O TREM PARA BRANQUINHA[1]
Lincoln Braga Vilas Boas*
Neste livro identifico homens e
mulheres – parentes meus já mortos – e conto histórias vividas, quase todas, no
Nordeste canavieiro, compreendendo esse não apenas o universo rural da região,
mas também as cidades. Fiz o máximo de esforço para localizar a história
de cada pessoa no quadro maior das estruturas sociais que lhe circundavam e dos
eventos importantes (especialmente políticos) que lhes foram contemporâneos.

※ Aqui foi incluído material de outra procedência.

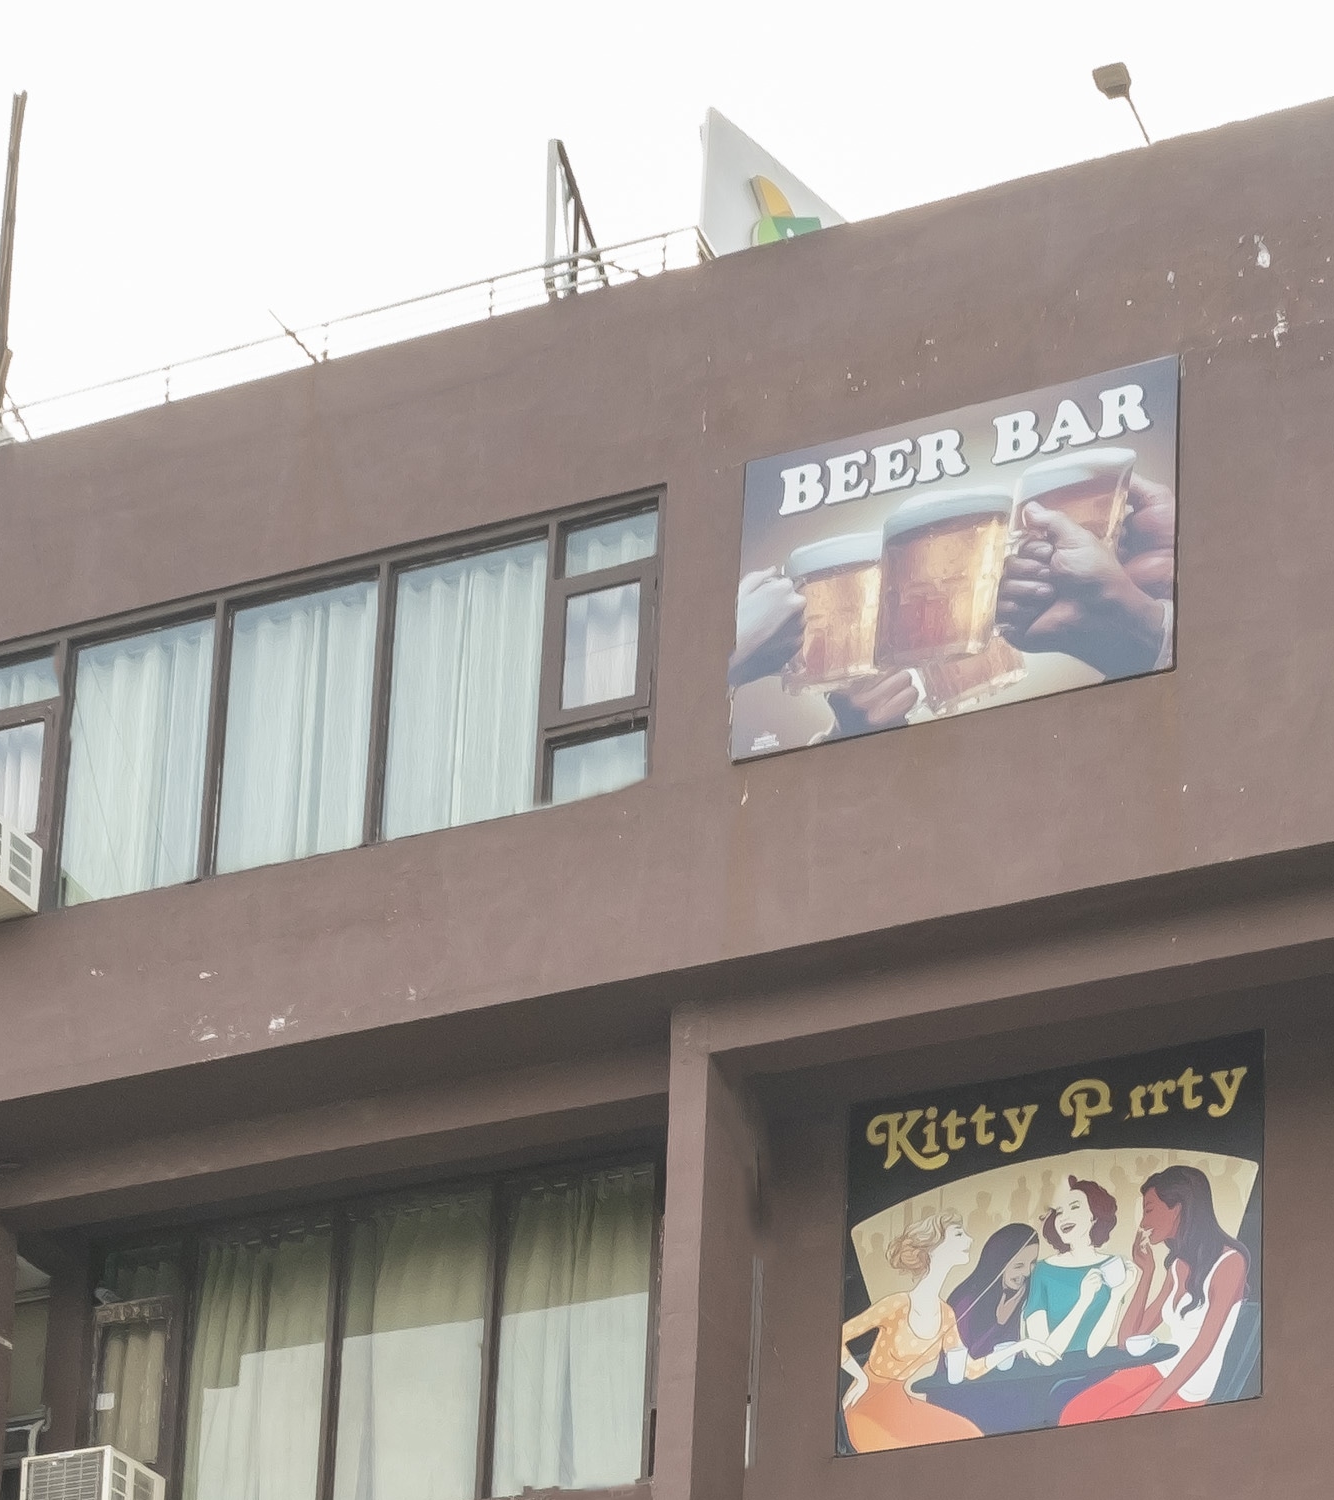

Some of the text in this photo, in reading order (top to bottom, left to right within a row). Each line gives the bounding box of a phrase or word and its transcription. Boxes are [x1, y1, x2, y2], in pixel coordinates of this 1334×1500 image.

Também dei destaque aos encontros fortuitos ou sistemáticos dos meus familiares
com gente que já era ou se tornaria conhecida do público em geral. Dessa forma,
ao mesmo tempo em que juntava fragmentos biográficos de ancestrais, fui montando
uma história social, econômica, política e de costumes (aqui contada de forma
peculiar, reconheço) do mundo canavieiro-açucareiro nordestino, especialmente,
entre os anos 1870 e 1950 (MAIA GOMES, p. 17. Grifo do autor.)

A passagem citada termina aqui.